• [Material provided]
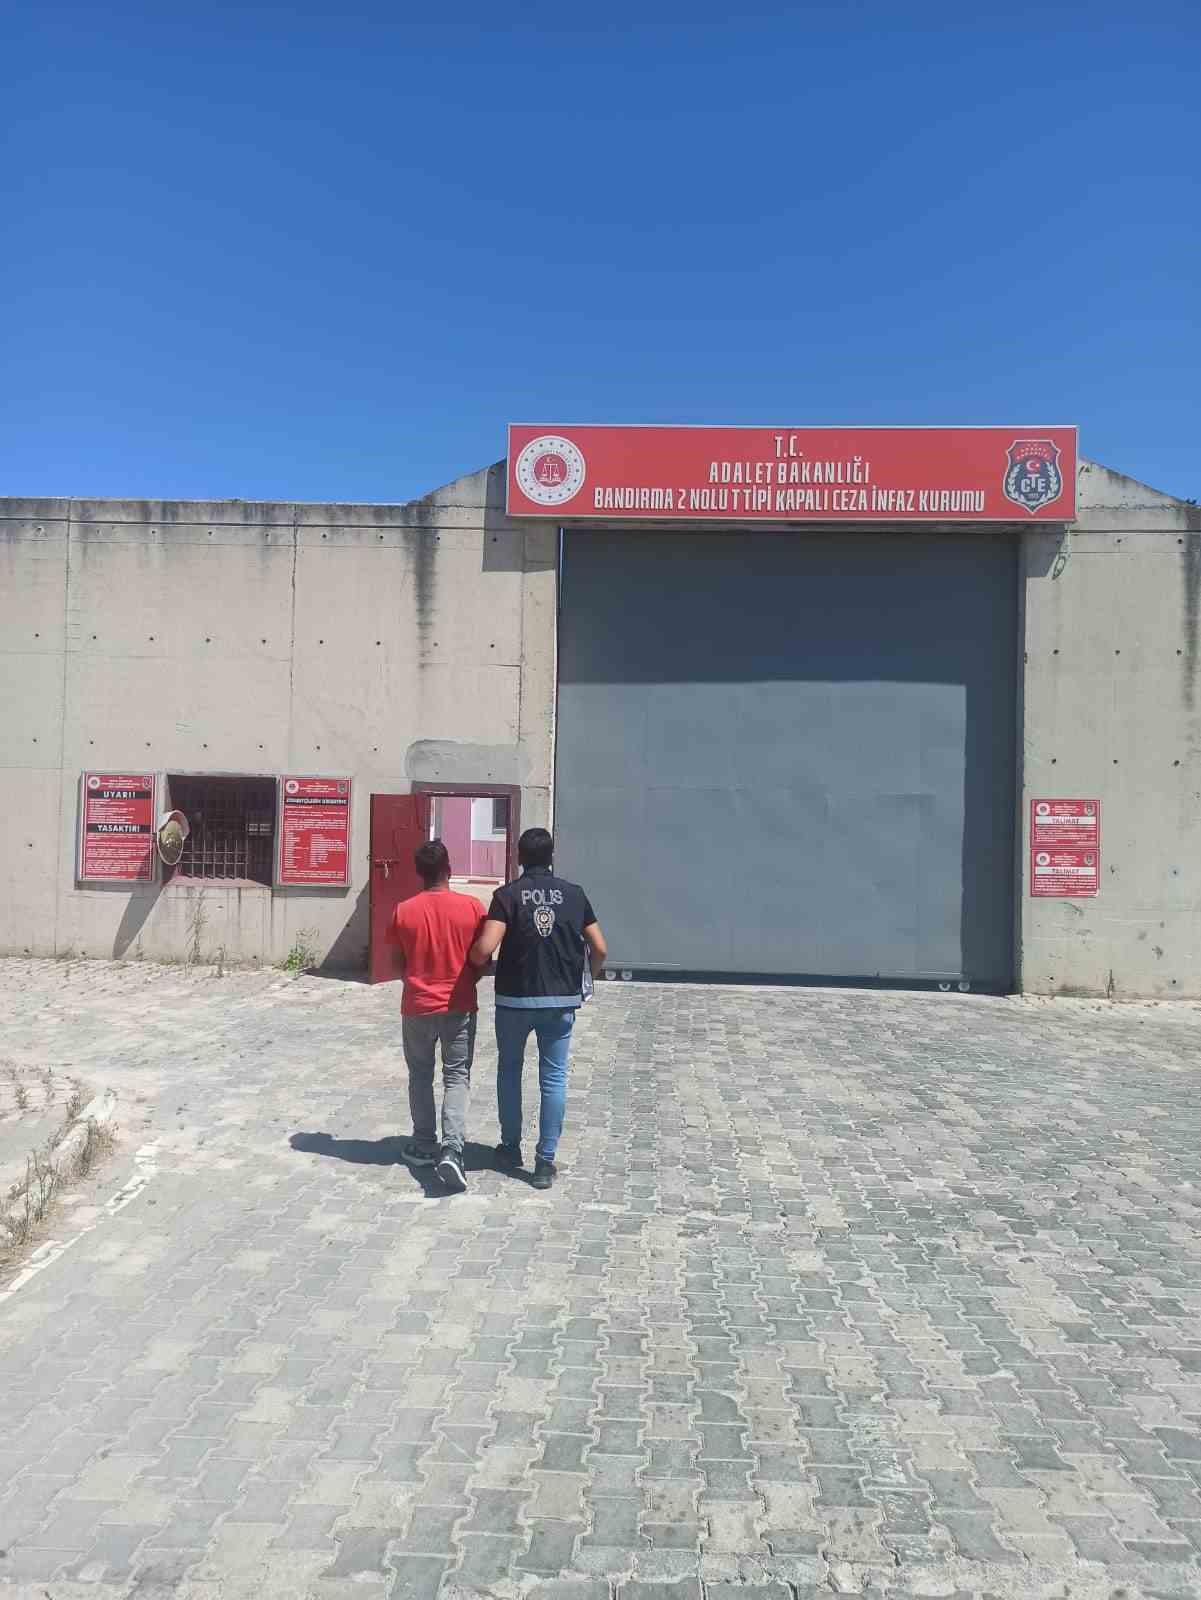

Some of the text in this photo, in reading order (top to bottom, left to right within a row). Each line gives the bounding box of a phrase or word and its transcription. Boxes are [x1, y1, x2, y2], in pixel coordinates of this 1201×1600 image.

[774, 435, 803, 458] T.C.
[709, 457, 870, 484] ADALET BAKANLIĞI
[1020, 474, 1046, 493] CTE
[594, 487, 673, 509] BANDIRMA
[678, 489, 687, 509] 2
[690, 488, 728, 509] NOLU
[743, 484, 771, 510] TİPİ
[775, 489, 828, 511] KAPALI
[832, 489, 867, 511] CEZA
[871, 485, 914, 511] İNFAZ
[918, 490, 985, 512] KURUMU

• [What the task requires] The entire listing above, word for word and without pictures, is what should be output.

• [Task result]
Some of the text in this photo, in reading order (top to bottom, left to right within a row). Each line gives the bounding box of a phrase or word and its transcription. Boxes are [x1, y1, x2, y2], in pixel coordinates of this 1201×1600 image.

[774, 435, 803, 458] T.C.
[709, 457, 870, 484] ADALET BAKANLIĞI
[1020, 474, 1046, 493] CTE
[594, 487, 673, 509] BANDIRMA
[678, 489, 687, 509] 2
[690, 488, 728, 509] NOLU
[743, 484, 771, 510] TİPİ
[775, 489, 828, 511] KAPALI
[832, 489, 867, 511] CEZA
[871, 485, 914, 511] İNFAZ
[918, 490, 985, 512] KURUMU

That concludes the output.